Name: Aniruddha Chakraborty
Affiliation: Tata Institute of Fundamental Research, Mumbai
Conference ID: ASI2025_385
Title : GLANCE: Gravitational Lensing Authenticator using Non-modelled Cross-correlation Exploration in Search for Lensed GW Signals
Authors and Co-Authors : Aniruddha Chakraborty 1, Suvodip Mukherjee 1
Abstract Type : Oral
Abstract Category : Galaxies and Cosmology
Abstract : Gravitational lensing occurs when massive astrophysical objects distort spacetime, causing electromagnetic (EM) waves or gravitational waves (GWs) to deflect from their paths. Depending on the wavelength of the GW in relation to the size of the lensing object, two regimes arise: microlensing and strong lensing. When the GW wavelength is comparable to or larger than the lens, microlensing occurs, leading to frequency-dependent modulations. Conversely, strong lensing arises when the wavelength is much smaller than the lens, yielding frequency-independent effects. By the third observation run, the LIGO-Virgo-KAGRA detector network had detected over 90 GW events, yet no confident lensing events. To address this, we developed GLANCE (Gravitational Lensing Authenticator using Non-modelled Cross-correlation Exploration) to search for lensed GW signals. This is a first-in-class approach to detect lensed GWs through finding the similarities of lensed GW signals at the strain level overlap. GLANCE utilizes distinct cross-correlation methods tailored to each lensing regime.
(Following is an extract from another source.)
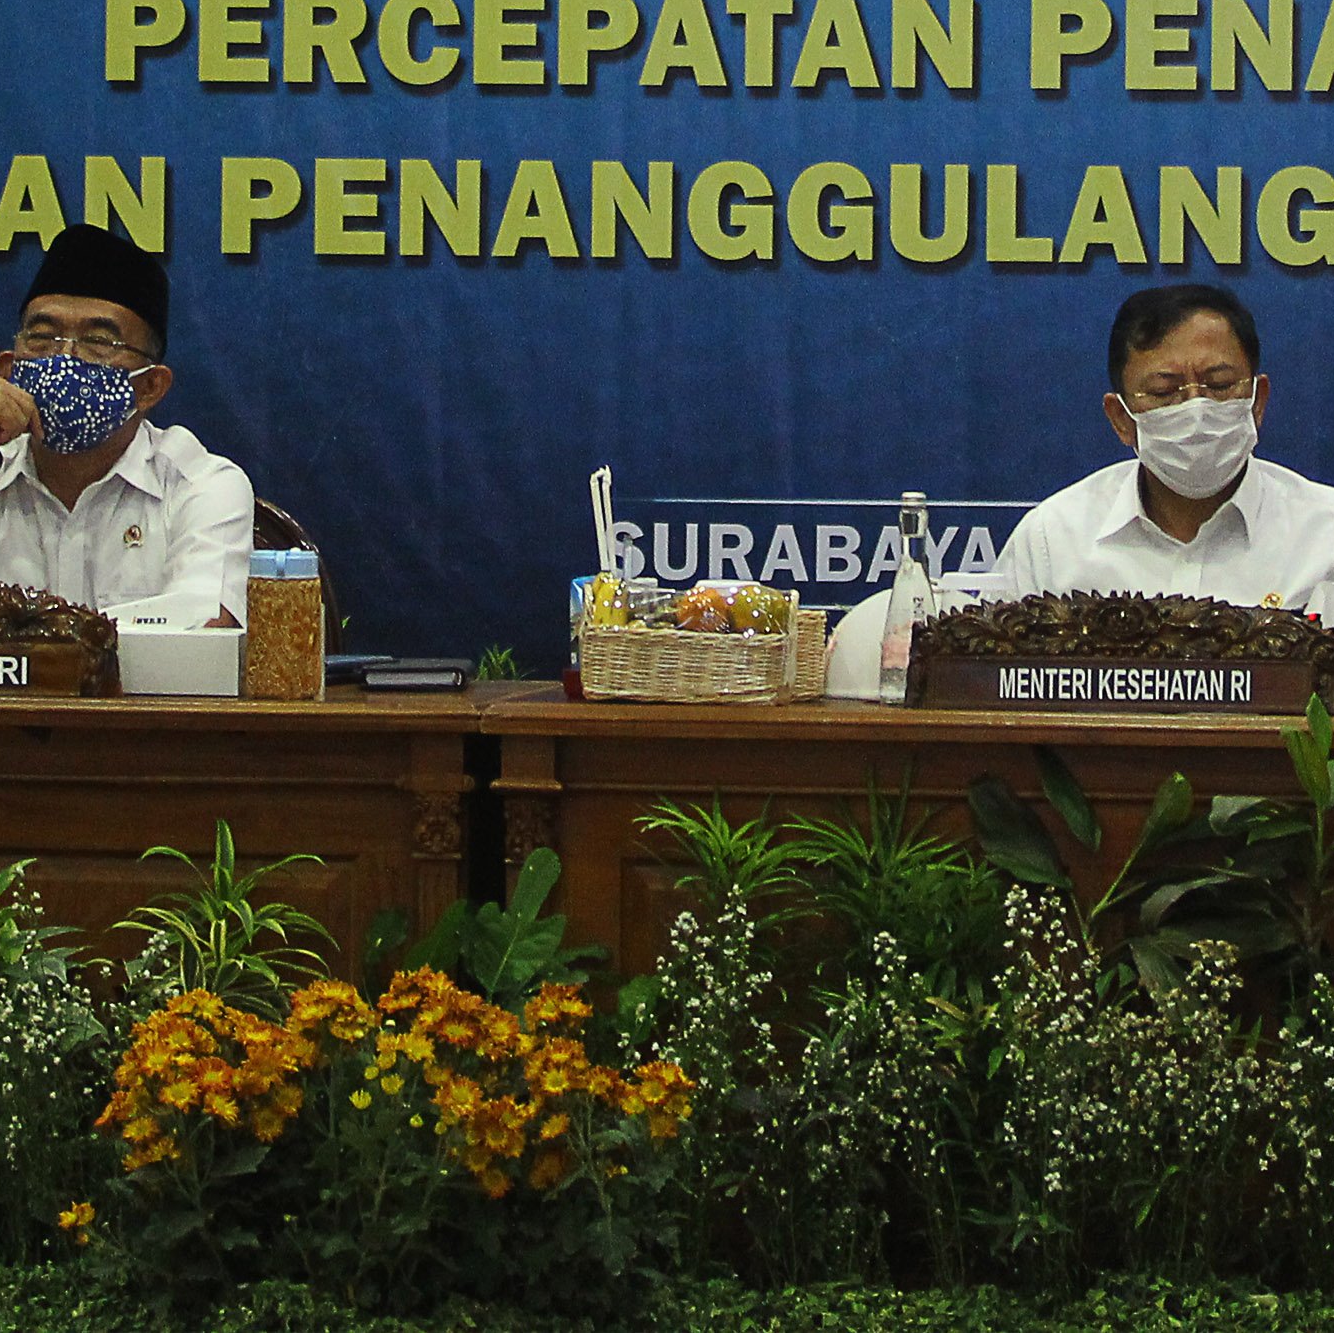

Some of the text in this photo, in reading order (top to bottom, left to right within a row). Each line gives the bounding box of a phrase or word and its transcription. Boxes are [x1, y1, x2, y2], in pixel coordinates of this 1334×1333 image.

For strong lensing, GLANCE cross-correlates between noisy reconstructions of lensed signals, enhancing the similarity between signals while suppressing noise. A significant deviation from noise cross-correlation indicates a potential lensing candidate. The technique is able to pick up lensed GW signals with a false alarms close to ~0.8/yr, which is very low compared to the pre-existing techniques. For microlensing, GLANCE focuses on residuals obtained by subtracting the best-fit GW from the data. Through testing on simulated data, GLANCE demonstrates a robust false alarm rate at network SNRs around 30. The presence of lensing can bias the inference of the GW source properties. Thus a joint source and lens characterisation was incorporated in GLANCE for their correct inference. Currently, we are applying GLANCE to open GW data, anticipating that with nearly 1000 detections expected from advanced GW detectors and next-generation facilities, at least one lensed GW pair will be identified.